• [TASK GOAL]: Give the lines below again, exactly as they stand, and leave out the images.

• [SUPPLIED MATERIAL]:
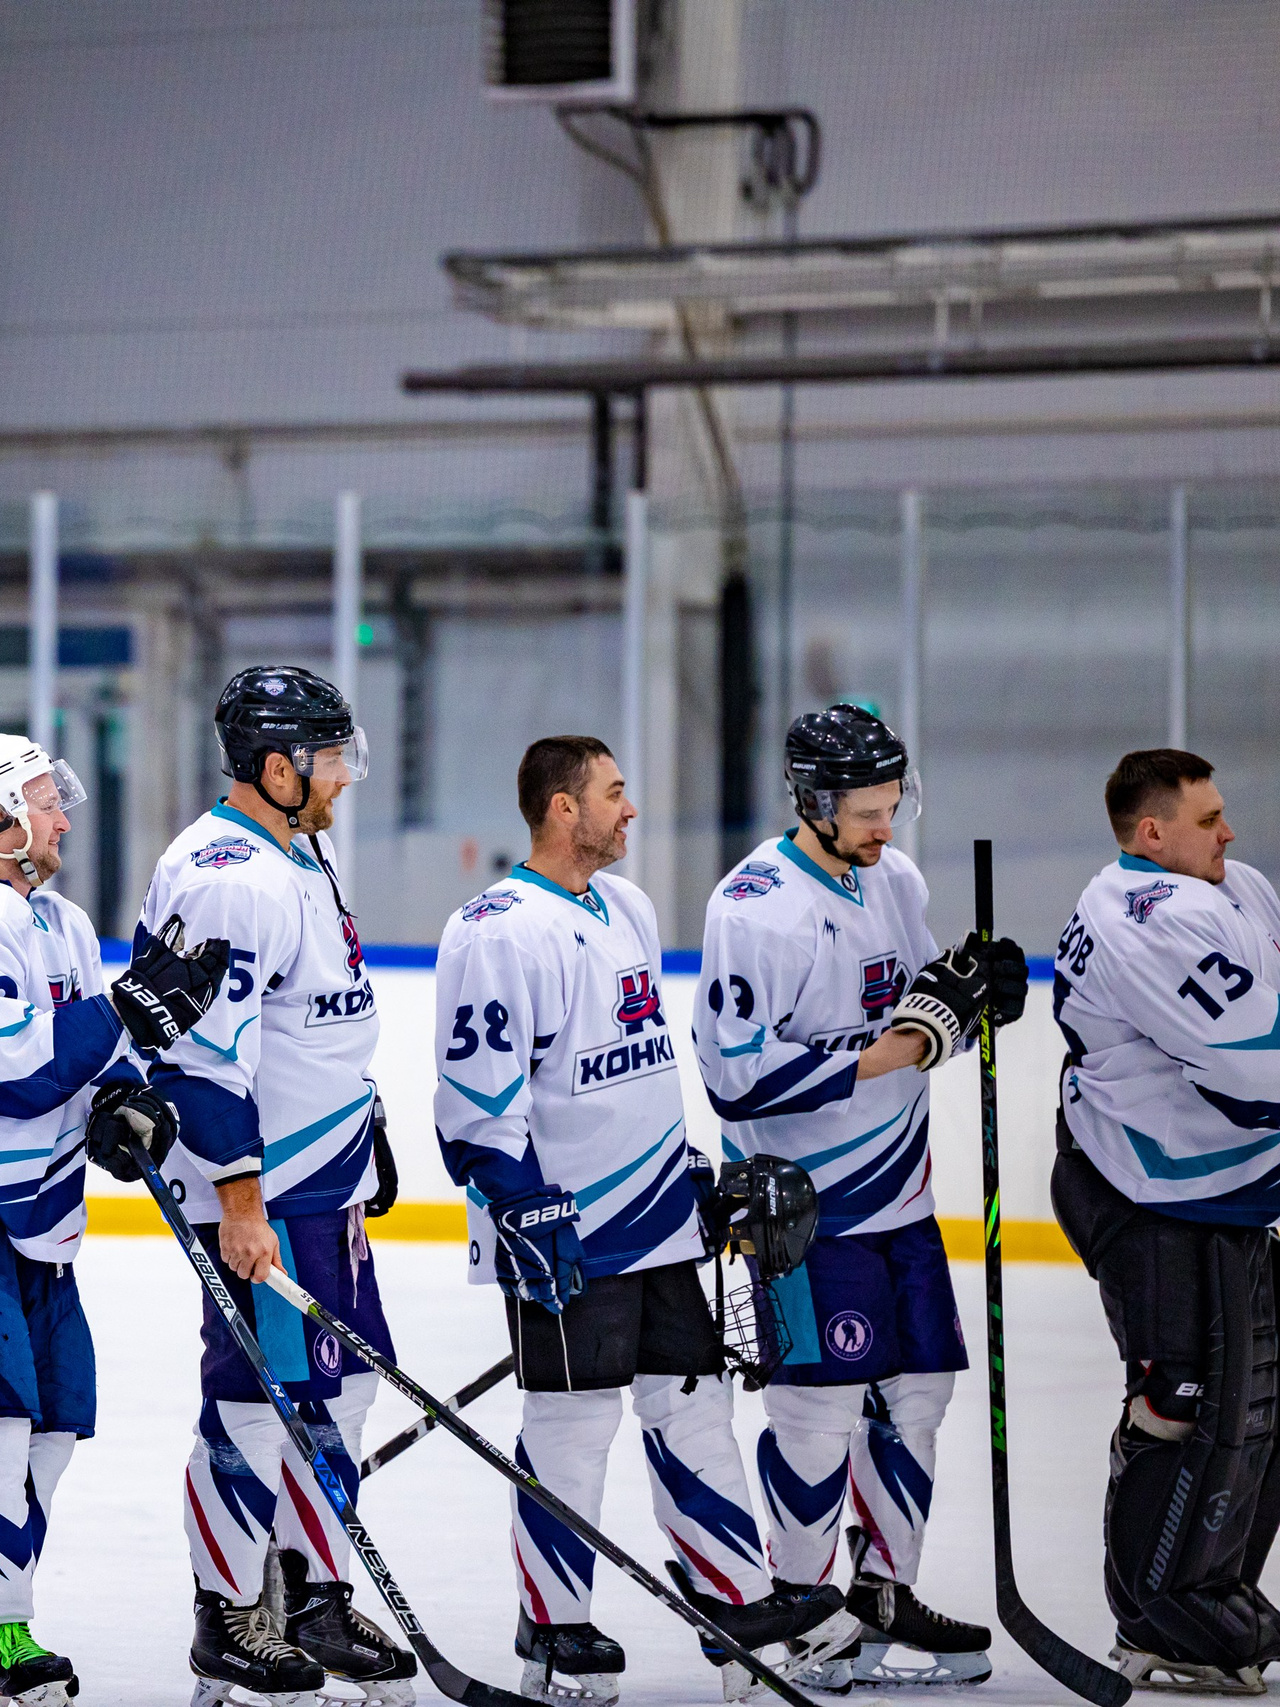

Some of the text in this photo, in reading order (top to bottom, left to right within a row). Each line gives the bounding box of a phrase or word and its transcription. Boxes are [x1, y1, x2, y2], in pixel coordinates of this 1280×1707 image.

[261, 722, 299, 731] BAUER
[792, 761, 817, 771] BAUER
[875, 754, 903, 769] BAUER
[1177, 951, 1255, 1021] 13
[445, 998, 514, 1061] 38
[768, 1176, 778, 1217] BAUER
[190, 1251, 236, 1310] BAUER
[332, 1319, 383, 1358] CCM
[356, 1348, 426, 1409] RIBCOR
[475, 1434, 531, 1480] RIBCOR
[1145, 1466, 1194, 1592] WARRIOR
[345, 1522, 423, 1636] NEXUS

• [YOUR RESPONSE]:
Some of the text in this photo, in reading order (top to bottom, left to right within a row). Each line gives the bounding box of a phrase or word and its transcription. Boxes are [x1, y1, x2, y2], in pixel coordinates of this 1280×1707 image.

[261, 722, 299, 731] BAUER
[792, 761, 817, 771] BAUER
[875, 754, 903, 769] BAUER
[1177, 951, 1255, 1021] 13
[445, 998, 514, 1061] 38
[768, 1176, 778, 1217] BAUER
[190, 1251, 236, 1310] BAUER
[332, 1319, 383, 1358] CCM
[356, 1348, 426, 1409] RIBCOR
[475, 1434, 531, 1480] RIBCOR
[1145, 1466, 1194, 1592] WARRIOR
[345, 1522, 423, 1636] NEXUS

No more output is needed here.